3. SIKI (Standar Intervensi Keperawatan Indonesia)
- SIKI adalah standar yang digunakan untuk menentukan intervensi keperawatan yang dapat dilakukan untuk mencapai luaran yang diharapkan.
- Intervensi keperawatan yang mungkin dilakukan pada kasus ini antara lain manajemen nyeri, pemberian obat-obatan analgesik, pemberian antibiotik, edukasi perawatan gigi, dan konsultasi dengan dokter gigi.
Secara singkat, diagnosis keperawatan "Nyeri akut berhubungan dengan infeksi gigi bungsu" dapat dirumuskan berdasarkan SDKI, dan kemudian SLKI dan SIKI digunakan untuk menentukan luaran yang diharapkan dan intervensi keperawatan yang dapat dilakukan untuk mengatasi masalah tersebut. -
Article No. 498 | 24 Sep 2024
Klinis : pasien hamil mengeluh nyeri dan tidak nyaman bagian anus karena hemoroid
ICD-SDKI: SDKI
Diagnosa:
DIAGNOSE SDKI: Berdasarkan kondisi pasien yang mengalami nyeri dan ketidaknyamanan pada anus karena hemoroid, berikut adalah diagnosa keperawatan dan penjelasan singkat SDKI, SLKI, dan SIKI yang dapat diterapkan:
Diagnosa Keperawatan:
Nyeri akut berhubungan dengan hemoroid
Penjelasan Singkat:
SDKI (Standar Diagnosa Keperawatan Indonesia):
- Nyeri akut adalah pengalaman sensorik dan emosional yang tidak menyenangkan akibat kerusakan jaringan yang aktual atau potensial, atau dijelaskan dalam istilah tersebut (International Association for the Study of Pain).
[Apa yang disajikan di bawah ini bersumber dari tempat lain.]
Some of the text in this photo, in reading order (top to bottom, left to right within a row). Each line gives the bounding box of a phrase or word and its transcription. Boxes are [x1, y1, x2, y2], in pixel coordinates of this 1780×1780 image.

- Hemoroid adalah pembengkakan vena di dalam atau di sekitar anus yang menyebabkan rasa tidak nyaman dan nyeri.
SLKI (Standar Luaran Keperawatan Indonesia):
- Pasien akan melaporkan penurunan nyeri.
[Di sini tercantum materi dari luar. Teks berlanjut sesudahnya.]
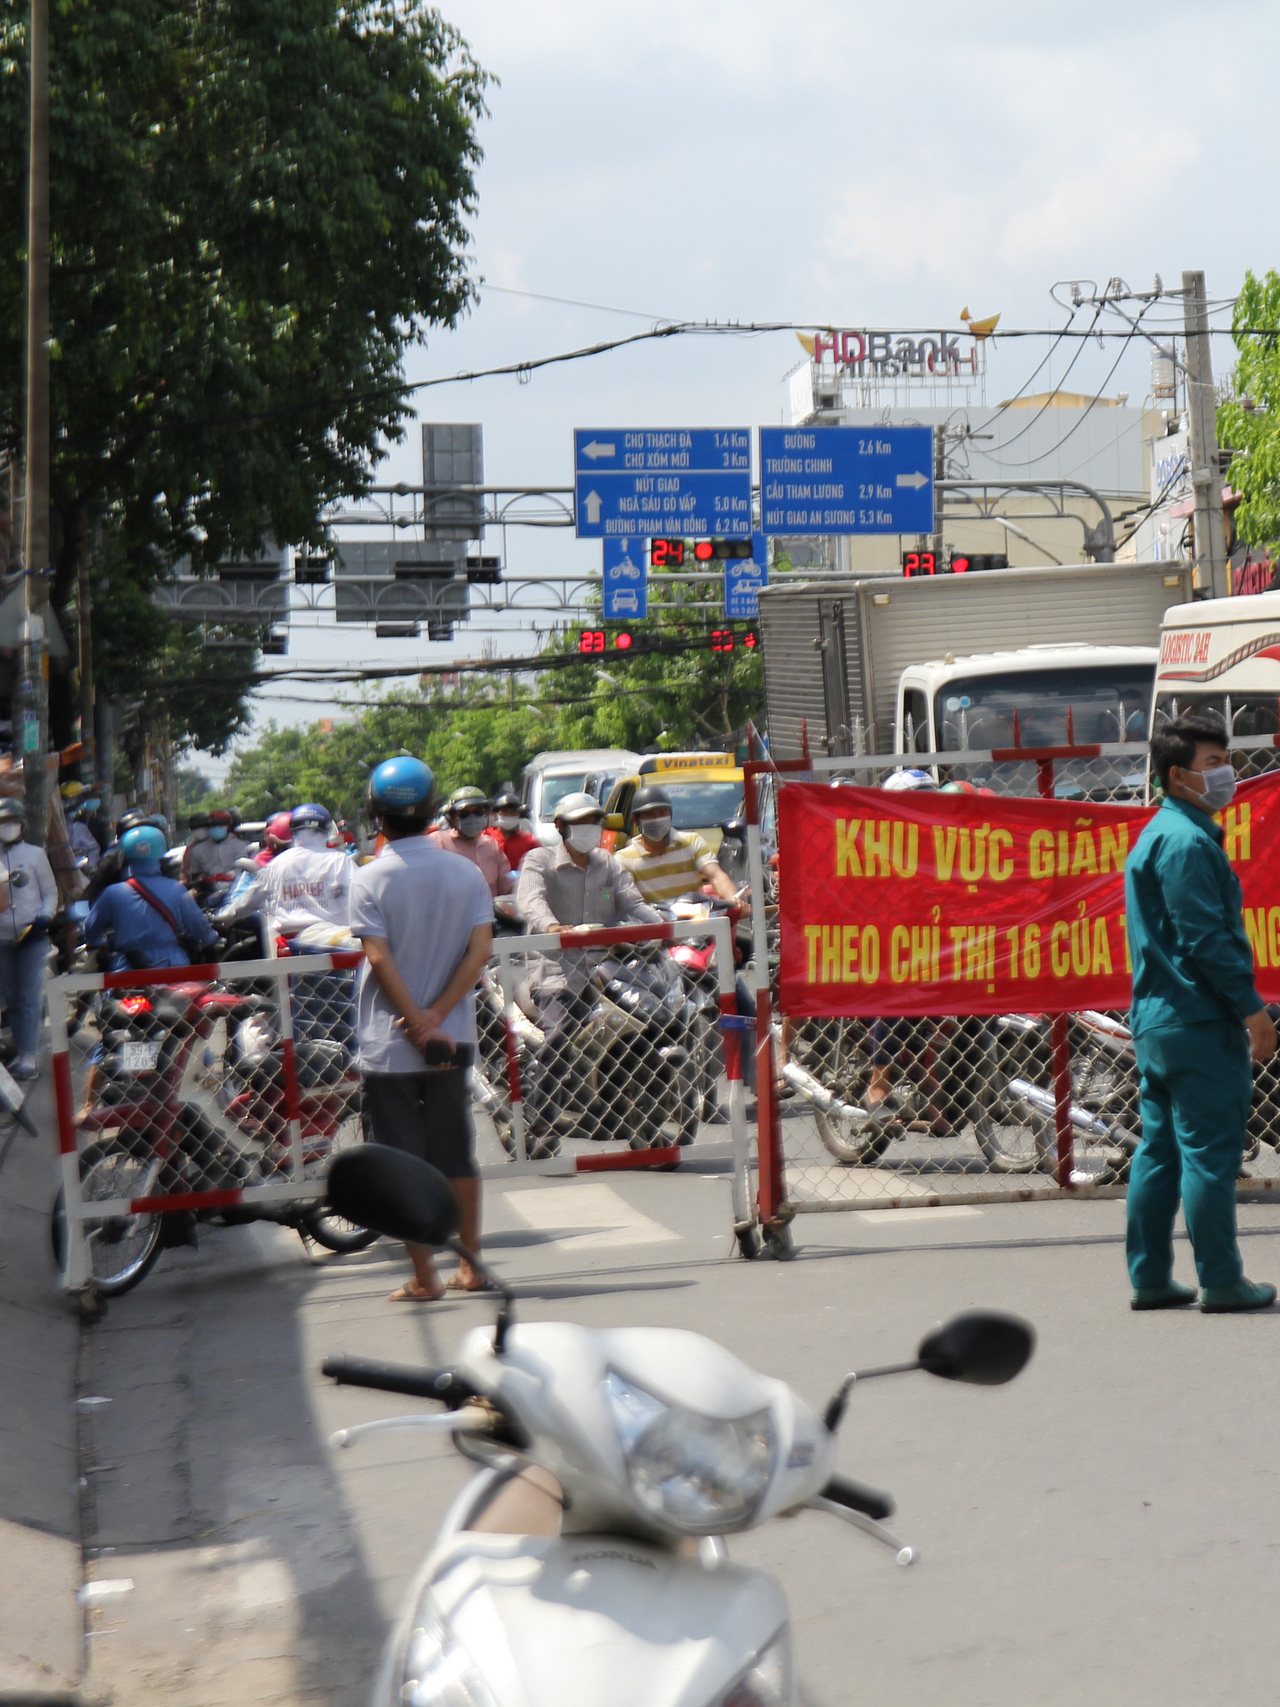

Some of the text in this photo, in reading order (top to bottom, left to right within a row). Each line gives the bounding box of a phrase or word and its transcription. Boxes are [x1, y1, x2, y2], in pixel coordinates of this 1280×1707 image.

[814, 331, 961, 363] HDBank
[679, 430, 692, 448] ĐÀ
[732, 433, 748, 447] Km
[859, 440, 874, 455] 2.6
[876, 440, 892, 454] Km
[647, 446, 669, 467] XÓM
[723, 453, 730, 467] 3
[732, 453, 748, 467] Km
[805, 458, 833, 473] CHINH
[636, 473, 680, 493] NÚT GIAO
[786, 484, 811, 499] THAM
[859, 484, 874, 499] 2.9
[876, 484, 892, 499] Km
[642, 493, 661, 512] SÁU
[663, 492, 677, 512] GÒ
[714, 496, 729, 512] 5.0
[732, 497, 748, 511] Km
[715, 518, 731, 533] 6.2
[732, 518, 749, 533] Km
[767, 506, 784, 525] NÚT
[787, 510, 808, 525] GIAO
[810, 510, 822, 525] AN
[859, 510, 874, 525] 5.3
[876, 510, 893, 525] Km
[652, 540, 683, 566] 24
[580, 631, 605, 653] 23
[1161, 633, 1195, 664] LOGISTIC
[663, 755, 730, 768] Vinataxi
[835, 816, 1130, 893] KHU VỰC GIÃN
[805, 924, 878, 984] THEO
[890, 900, 941, 983] CHỈ
[950, 924, 996, 993] THỊ
[1007, 922, 1040, 979] 16
[1050, 901, 1114, 978] CỦA
[574, 1550, 657, 1570] HONDA
- Pasien akan mendemonstrasikan manajemen nyeri yang efektif.
- Pasien akan menunjukkan peningkatan kemampuan dalam beraktivitas sehari-hari.
SIKI (Standar Intervensi Keperawatan Indonesia):
- Manajemen Nyeri
- Terapi Analgesik
- Terapi Modalitas Komplementer
- Edukasi Manajemen Nyeri
- Perawatan Hemoroid
Tujuan utama dari intervensi keperawatan adalah mengurangi nyeri dan ketidaknyamanan yang dialami pasien, serta membantu pasien dalam mengelola kondisi hemoroidnya secara efektif. -
Article No. 499 | 24 Sep 2024
Klinis : pasien hamil mengeluh nyeri dan tidak nyaman bagian anus karena hemoroid
ICD-SDKI: SDKI
Diagnosa:
DIAGNOSE SDKI: Berdasarkan kondisi pasien hamil yang mengeluh nyeri dan tidak nyaman di bagian anus karena hemoroid, berikut adalah diagnosa keperawatan dan penjelasan singkat SDKI, SLKI, dan SIKI yang dapat diterapkan:
1. Diagnosa Keperawatan:
Nyeri akut berhubungan dengan hemoroid
2. Penjelasan Singkat:
a. SDKI (Standar Diagnosis Keperawatan Indonesia):
- Nyeri akut adalah pengalaman sensori dan emosional yang tidak menyenangkan akibat kerusakan jaringan yang aktual atau potensial, atau yang dijelaskan dalam istilah tersebut.
- Karakteristik definisi: Durasi nyeri kurang dari 3 bulan, Lokasi nyeri terfokus, Kualitas nyeri seperti terbakar, menusuk, tekan.
b. SLKI (Standar Luaran Keperawatan Indonesia):
- Luaran yang diharapkan: Klien melaporkan nyeri berkurang, Klien dapat menggunakan teknik pengurangan nyeri, Klien mendemonstrasikan perilaku yang dapat mengurangi nyeri.
c. SIKI (Standar Intervensi Keperawatan Indonesia):
- Intervensi yang dapat dilakukan: Manajemen nyeri, Terapi topikal, Edukasi manajemen nyeri, Kolaborasi pemberian analgesik.
- Tujuan intervensi: Menurunkan nyeri, Meningkatkan kemampuan klien dalam mengelola nyeri, Mencegah komplikasi akibat nyeri.
Secara singkat, diagnosa keperawatan yang sesuai adalah nyeri akut berhubungan dengan hemoroid. Intervensi keperawatan yang dapat dilakukan meliputi manajemen nyeri, terapi topikal, edukasi manajemen nyeri, dan kolaborasi pemberian analgesik untuk mengurangi nyeri yang dialami oleh pasien.